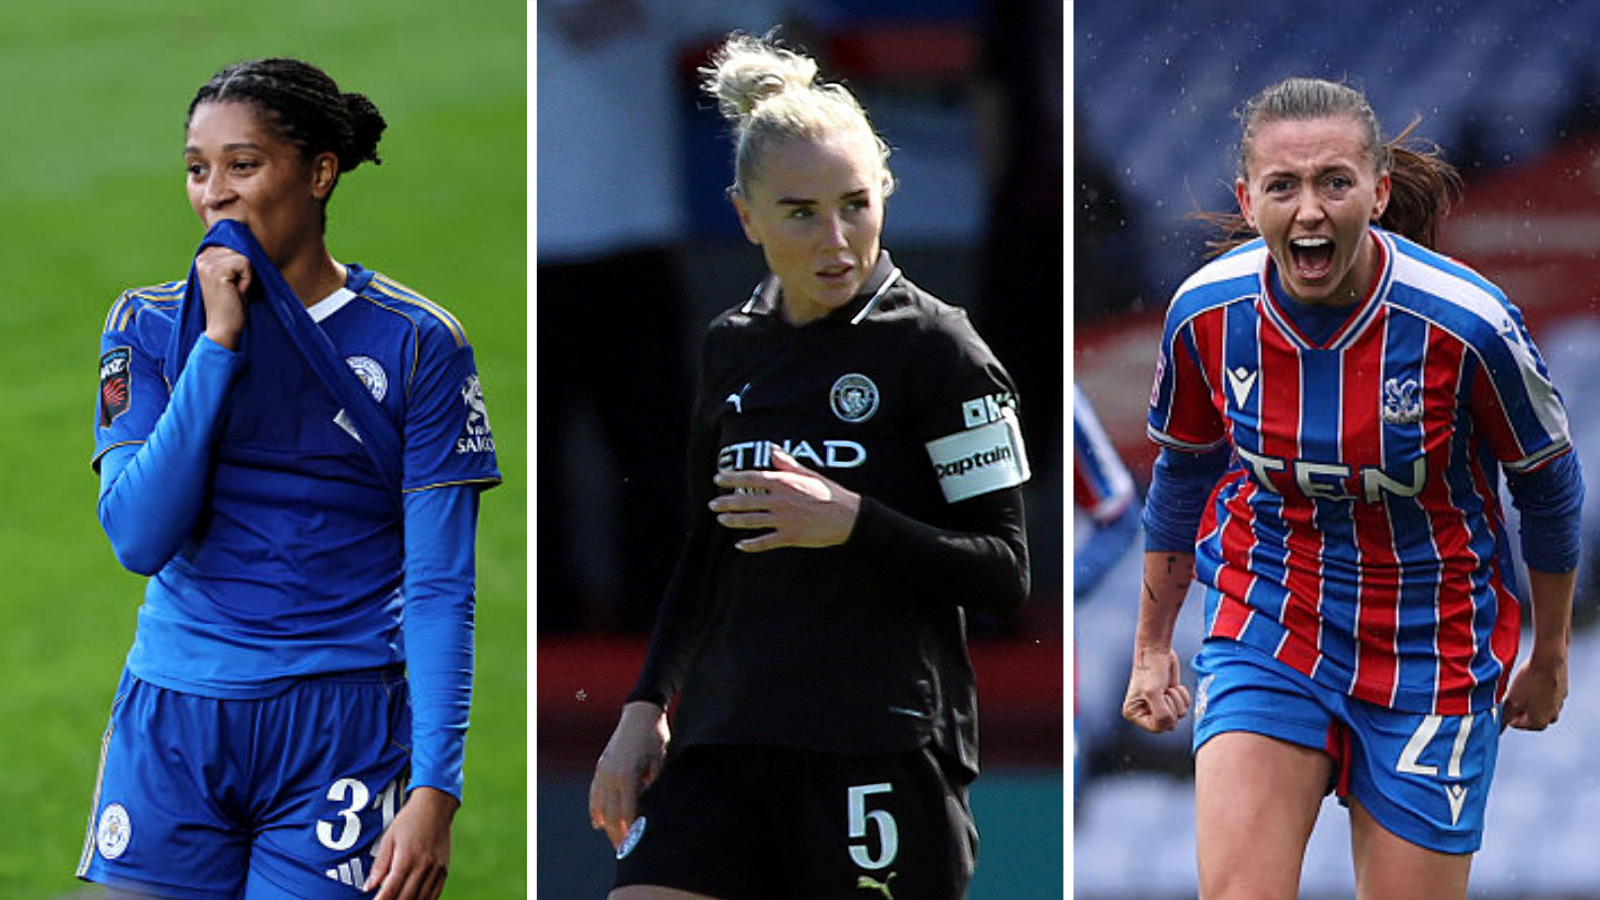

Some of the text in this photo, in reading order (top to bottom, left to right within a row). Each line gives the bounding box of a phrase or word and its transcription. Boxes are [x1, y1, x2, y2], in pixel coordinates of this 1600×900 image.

[1237, 446, 1427, 503] TEN
[316, 778, 397, 857] 31
[848, 783, 898, 870] 5
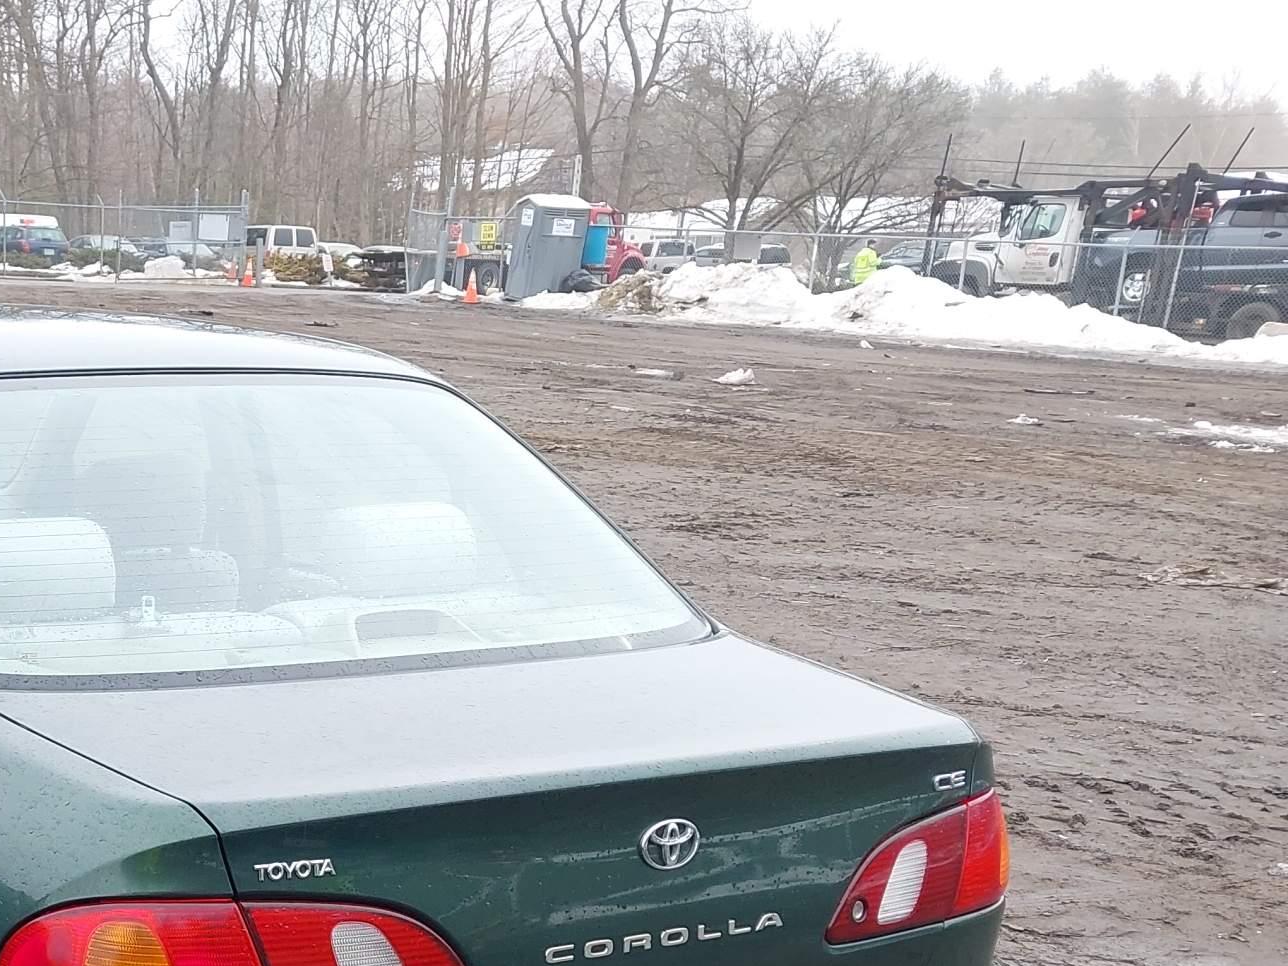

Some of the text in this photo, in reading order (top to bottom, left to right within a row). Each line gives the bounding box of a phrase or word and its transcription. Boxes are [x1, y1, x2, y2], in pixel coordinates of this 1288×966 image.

[934, 770, 966, 791] CE
[253, 858, 337, 881] TOYOTA
[545, 912, 783, 964] COROLLA
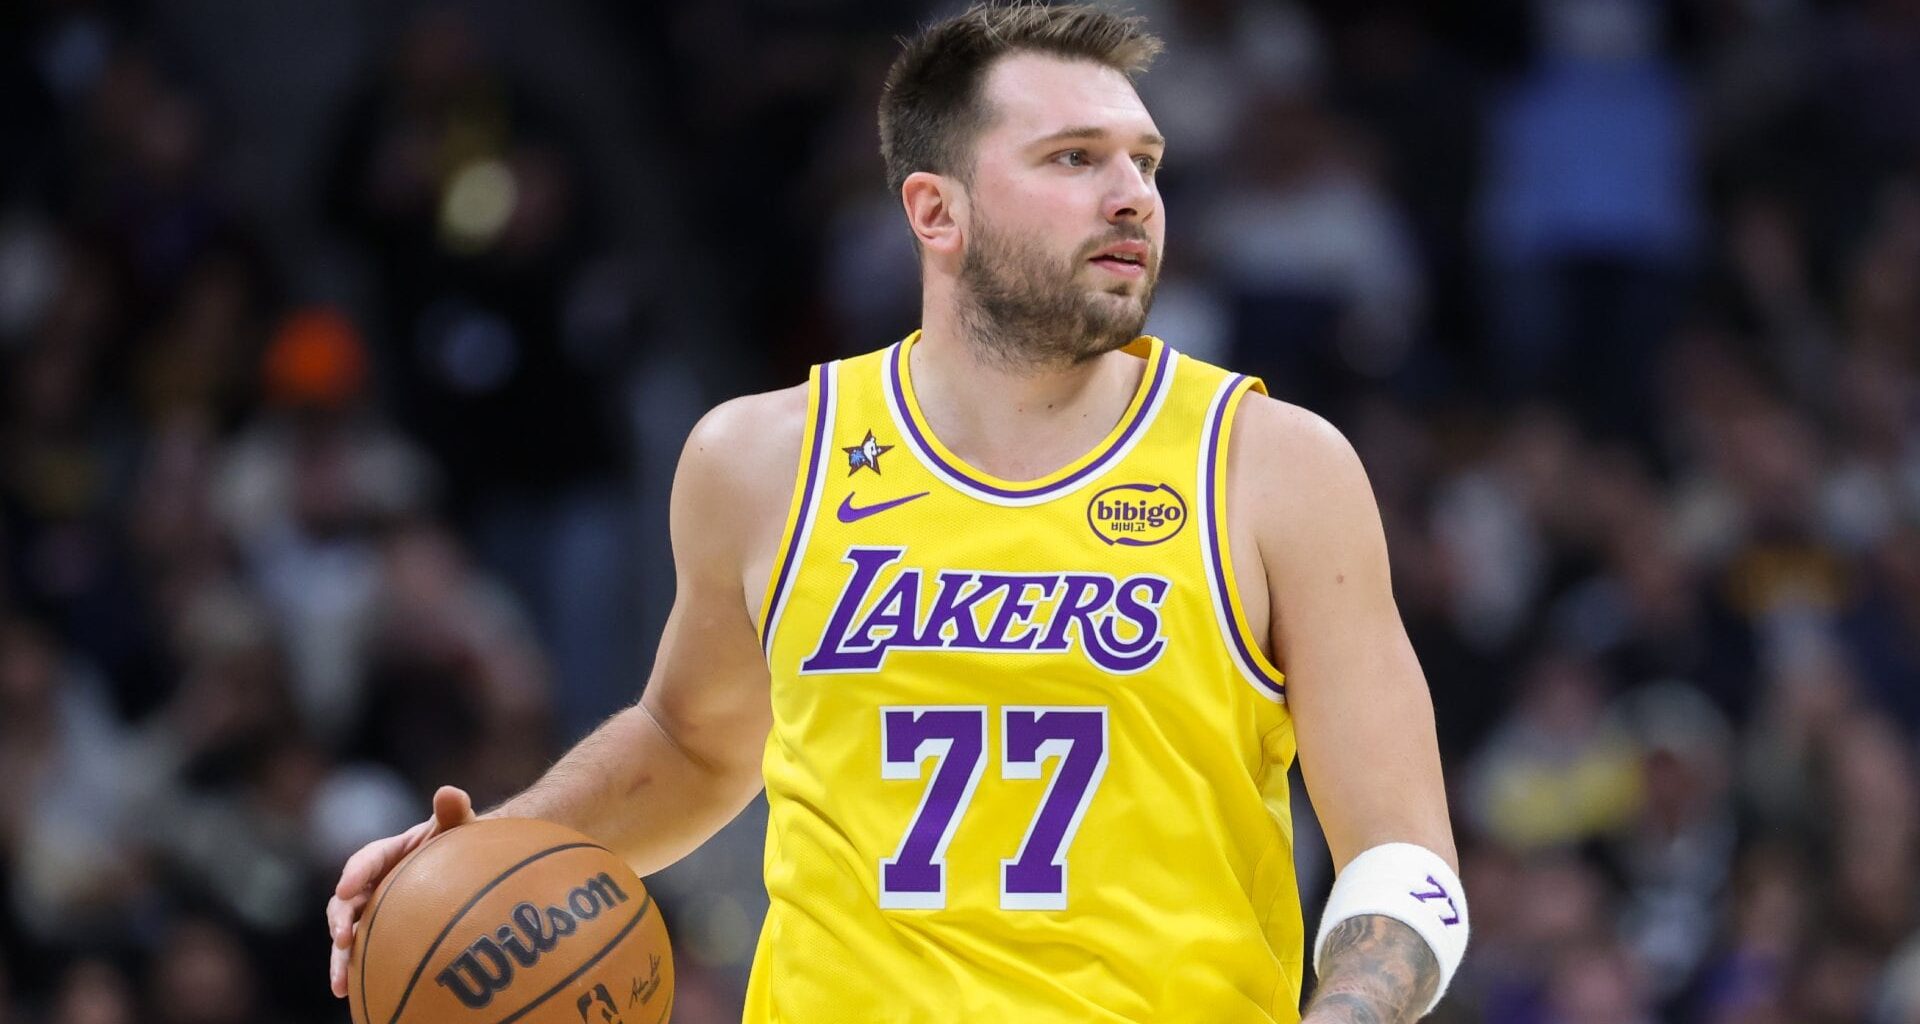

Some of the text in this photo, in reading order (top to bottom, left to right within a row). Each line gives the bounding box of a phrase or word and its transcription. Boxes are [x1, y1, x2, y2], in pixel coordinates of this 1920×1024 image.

[1097, 500, 1181, 527] bibigo
[1111, 522, 1145, 532] 비비고
[800, 545, 1173, 675] LAKERS
[879, 705, 1108, 910] 77
[434, 871, 629, 1009] Wilson
[1410, 875, 1459, 927] 77
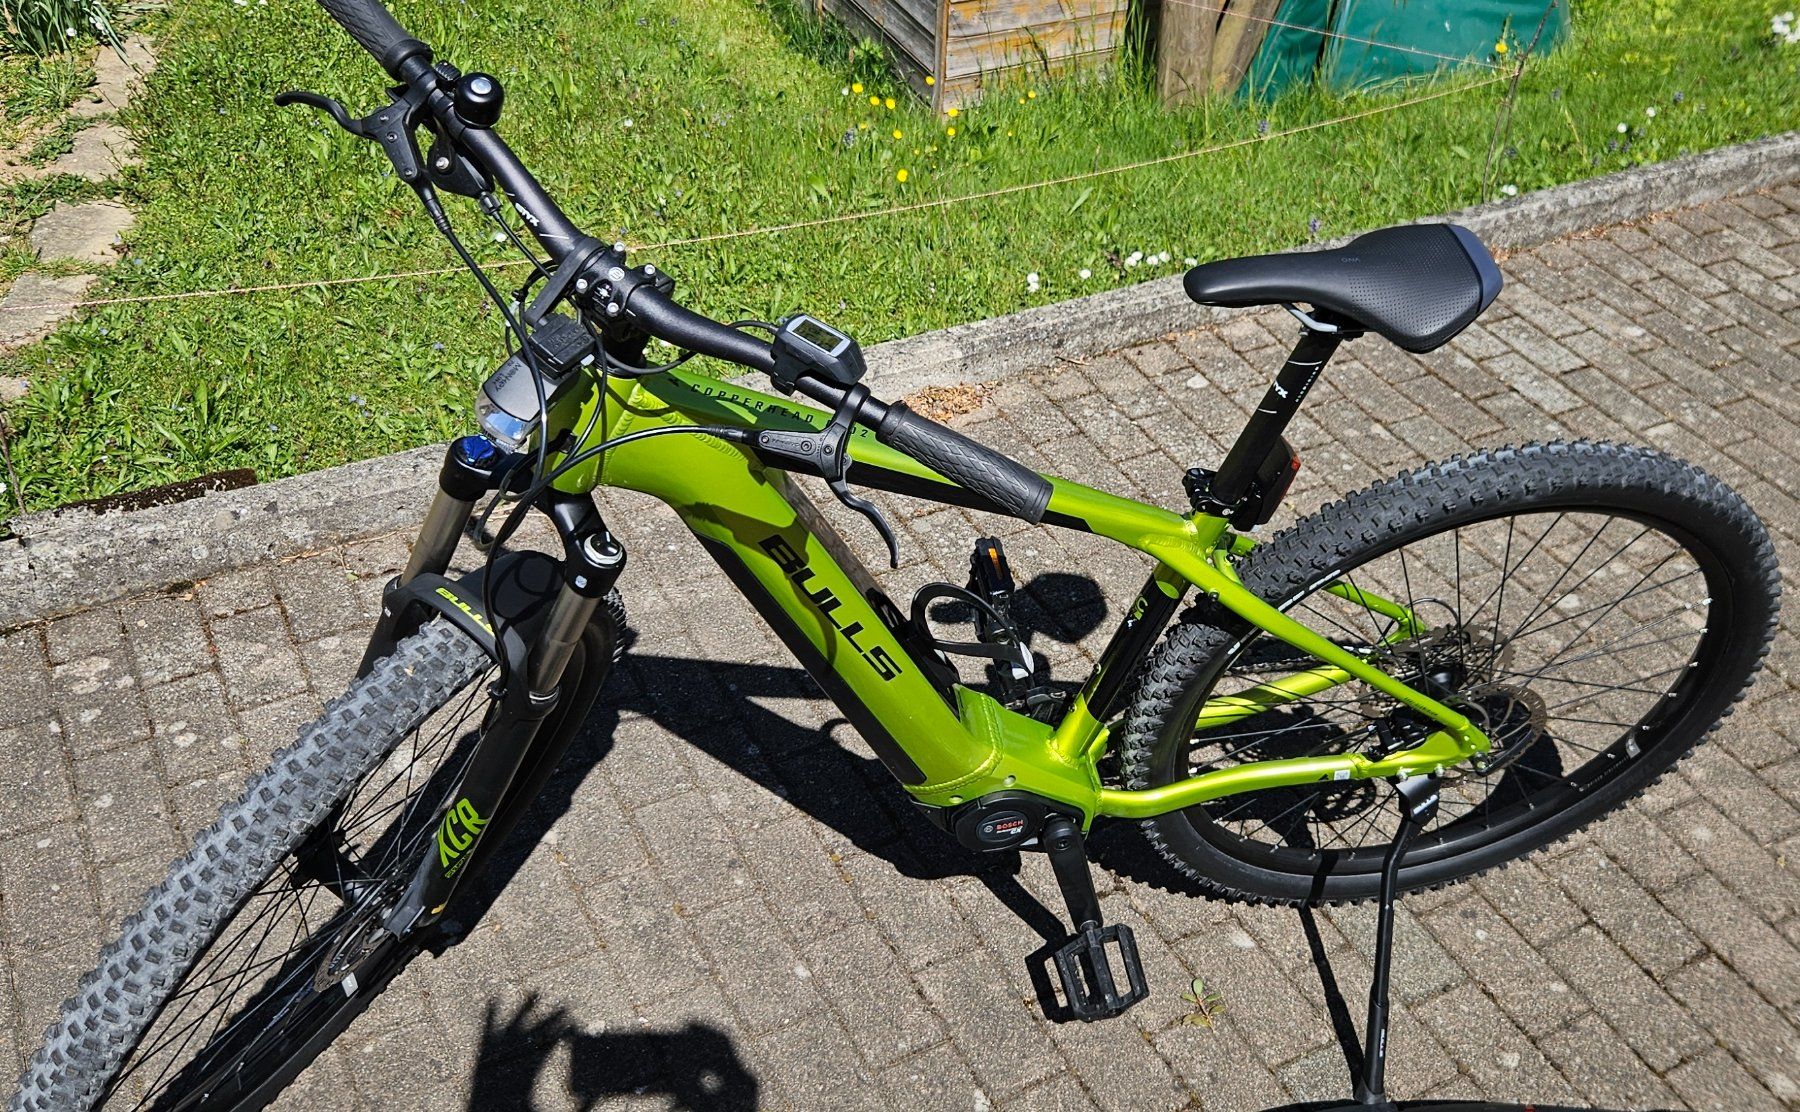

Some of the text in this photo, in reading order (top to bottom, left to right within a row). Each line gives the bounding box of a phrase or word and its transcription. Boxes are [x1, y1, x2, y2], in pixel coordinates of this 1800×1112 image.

[690, 383, 813, 423] COPPERHEAD
[758, 534, 903, 682] BULLS
[438, 798, 491, 868] XCR
[996, 819, 1024, 830] BOSCH

● INSTRUCTIONS FOR THE TASK:
Where the line with "this 1920×1024 image." appears in the entries above, begin there and restate every line to the end word for word, minus the pictures.

● TASK SOLUTION:
Some of the text in this photo, in reading order (top to bottom, left to right within a row). Each line gives the bounding box of a phrase or word and its transcription. Boxes are [x1, y1, x2, y2], in pixel coordinates of this 1920×1024 image.

[1097, 500, 1181, 527] bibigo
[1111, 522, 1145, 532] 비비고
[800, 545, 1173, 675] LAKERS
[879, 705, 1108, 910] 77
[434, 871, 629, 1009] Wilson
[1410, 875, 1459, 927] 77

Some of the text in this photo, in reading order (top to bottom, left to right within a row). Each line gives the bounding box of a phrase or word and its transcription. Boxes are [x1, y1, x2, y2], in pixel coordinates of this 1800×1112 image.

[690, 383, 813, 423] COPPERHEAD
[758, 534, 903, 682] BULLS
[438, 798, 491, 868] XCR
[996, 819, 1024, 830] BOSCH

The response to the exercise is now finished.